Memorial Day weekend is usually a big one for moviegoers and Hollywood, but this year’s numbers show otherwise.
Warner Bros.’ “Furiosa” edged out Sony’s “The Garfield Movie” with just $32 million domestically to take the top spot for the four-day weekend, according to estimates from Comscore. Final results will be released this week.
Now the heat is on for Hollywood to deliver the rest of summer movie season.
“Furiosa” was the lowest-grossing No. 1 film at the Memorial Day box office since 1995’s “Casper,” leaving out 2020, when Covid shut down theaters and halted production. (Leaving out 2020 and 2021, it was also the worst overall Memorial Day weekend for Hollywood since 1995.)
Last year, Disney‘s live-action version of “The Little Mermaid” opened to $118 million domestically over the holiday. And the year before that, Paramount’s “Top Gun: Maverick” launched with $160 million over Memorial Day weekend on its way to a total domestic gross of over $700 million.
This year, though, the holiday frame came with several issues, Comscore senior analyst Paul Dergarabedian told NBC News on Monday.
“This was indeed a historically slow Memorial Day weekend for movie theaters,” Dergarabedian said. “But this outcome was the result of many factors, including a disruption of the release dates for many films as a result of the Hollywood strikes,” as well as “a lack of a first-quarter blockbuster holdover.”
He also noted that no movie so far this year has opened with a $100 million weekend, which became common in the age of comic book blockbusters.
Last year’s strikes, which shut down production for several months, caused studios to delay some tentpole films. For instance, Paramount‘s eighth “Mission: Impossible” movie was once scheduled for next month, but it’s now hitting theaters next year. Disney’s “Lion King” prequel, “Mufasa,” will come out in December instead of during the summer, as originally planned. The movie industry is expected to return to a more normal schedule next year.

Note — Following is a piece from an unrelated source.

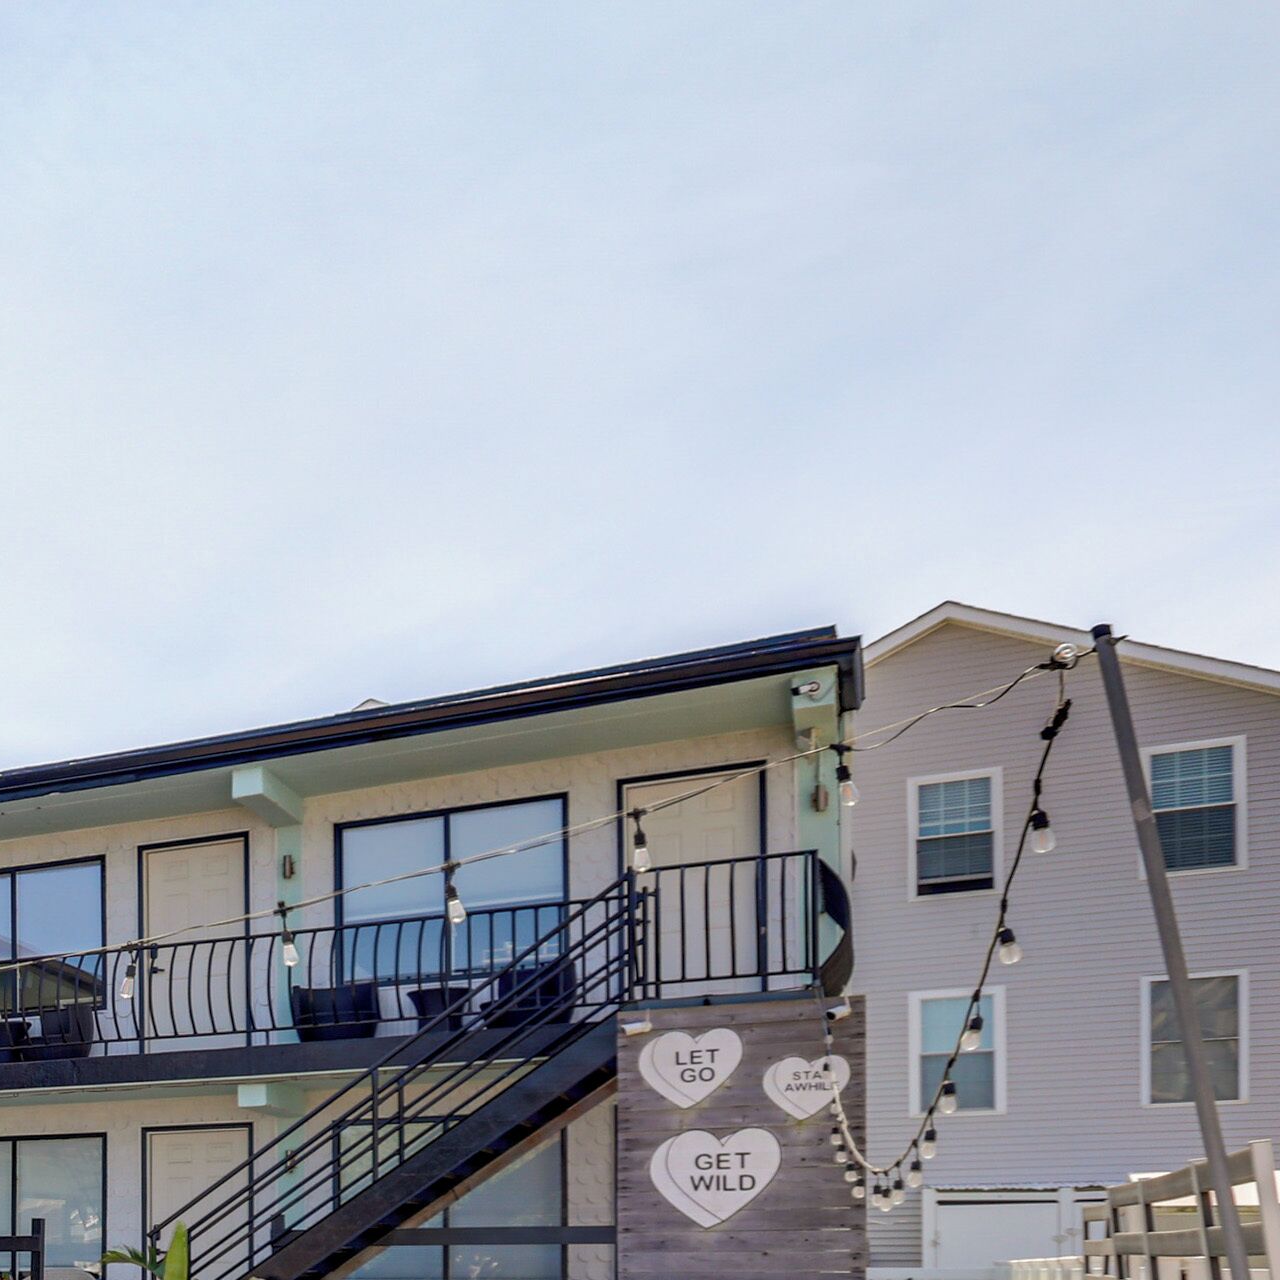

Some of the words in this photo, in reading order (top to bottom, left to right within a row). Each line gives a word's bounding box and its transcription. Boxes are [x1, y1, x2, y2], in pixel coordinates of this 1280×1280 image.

This Memorial Day weekend also didn’t have a Marvel movie paving the way for other movies to do big business. For over a decade, the effects-laden comic book films have generally kicked off the unofficial summer movie season with big spring releases. Last year, “Guardians of the Galaxy Vol. 3” cleared $118 million domestically in its early May opening weekend.

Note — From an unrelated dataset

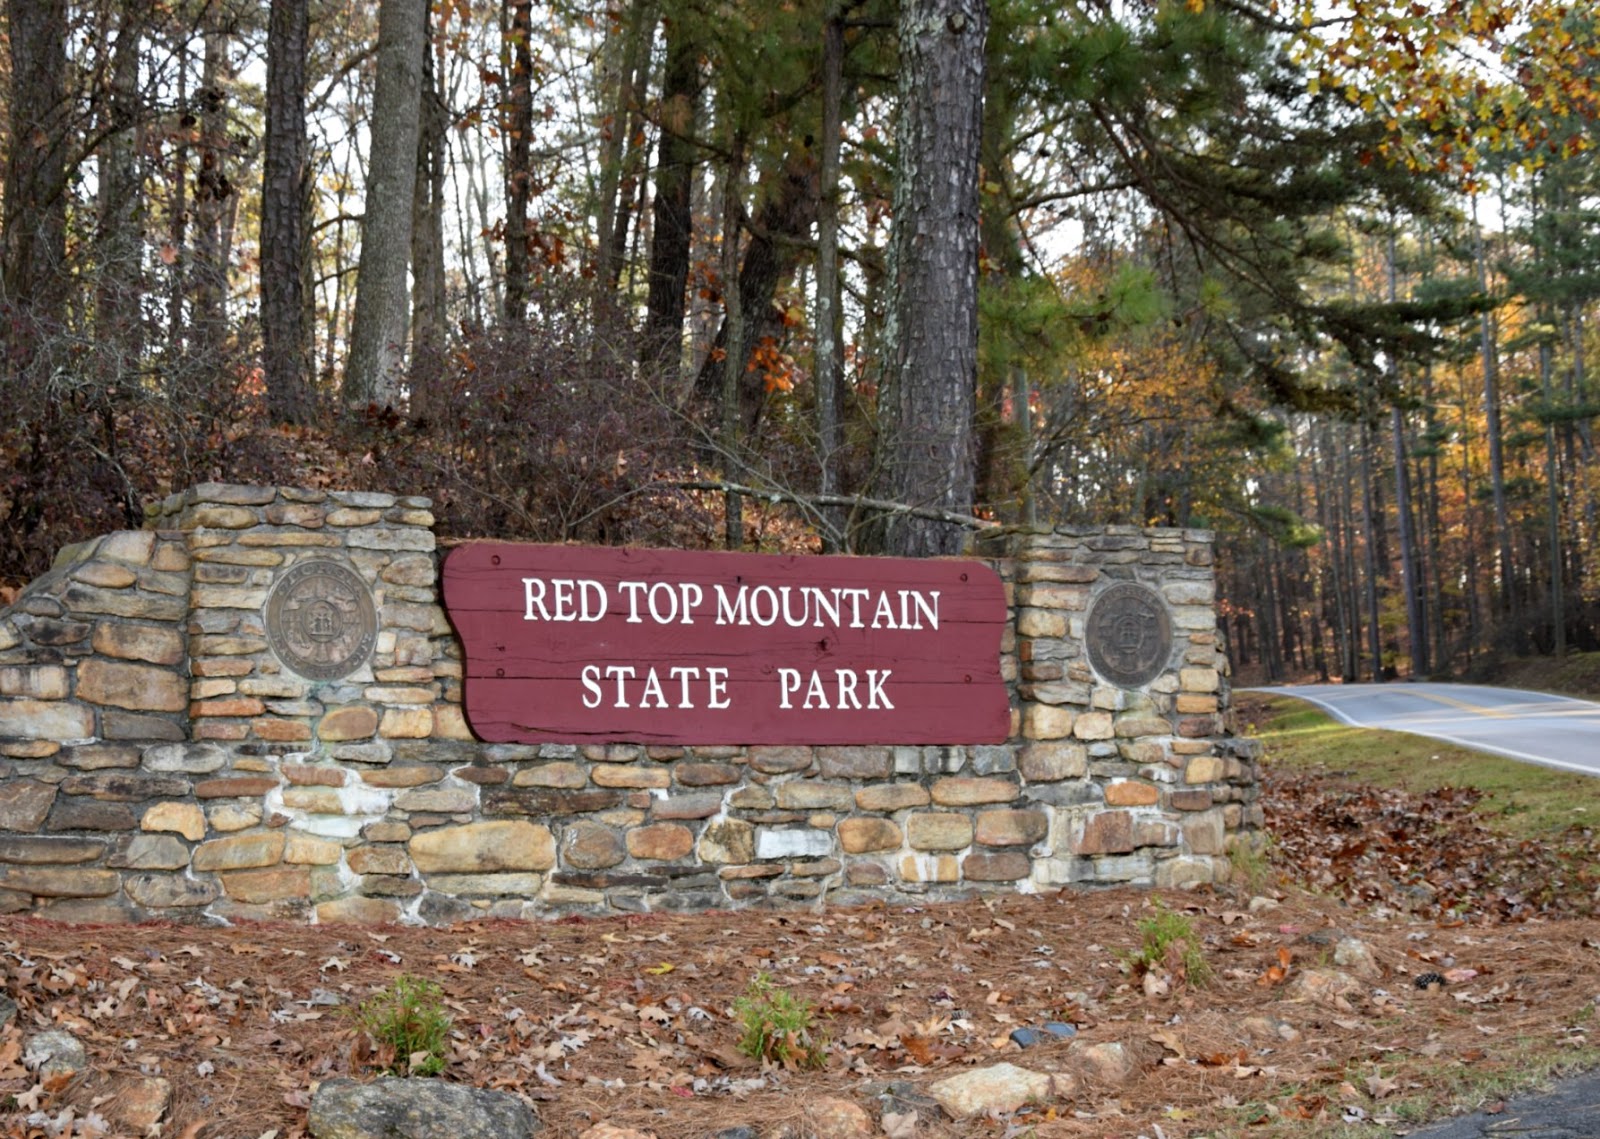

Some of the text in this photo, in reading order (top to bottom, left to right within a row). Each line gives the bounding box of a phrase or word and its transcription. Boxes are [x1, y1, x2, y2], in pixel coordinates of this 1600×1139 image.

[521, 577, 941, 631] RED TOP MOUNTAIN
[581, 664, 895, 711] STATE PARK

This year, though, Universal’s “The Fall Guy” and Paramount’s “IF” got things started on an underwhelming note. Each has brought in less than $100 million domestically.
Experts say this summer’s total ticket sales could barely cross the $3 billion mark, compared with last summer’s $4.1 billion domestic haul, driven in large part by “Barbie” and “Oppenheimer,” dubbed “Barbenheimer” by fans. Those films opened on the same weekend in July and went on to make hundreds of millions of dollars each.
This summer does, however, offer some potential hits. “Despicable Me 4” (July 5), from Universal, which shares a parent company with NBC; Universal and Warner Bros.’ “Twisters” (July 19); and Disney’s “Inside Out 2” (June 14) and “Deadpool and Wolverine” (July 26) are all expected to lure big audiences.
Those releases, Dergarabedian said, “will allow the industry to hit the reset and get the industry moving in a positive direction.”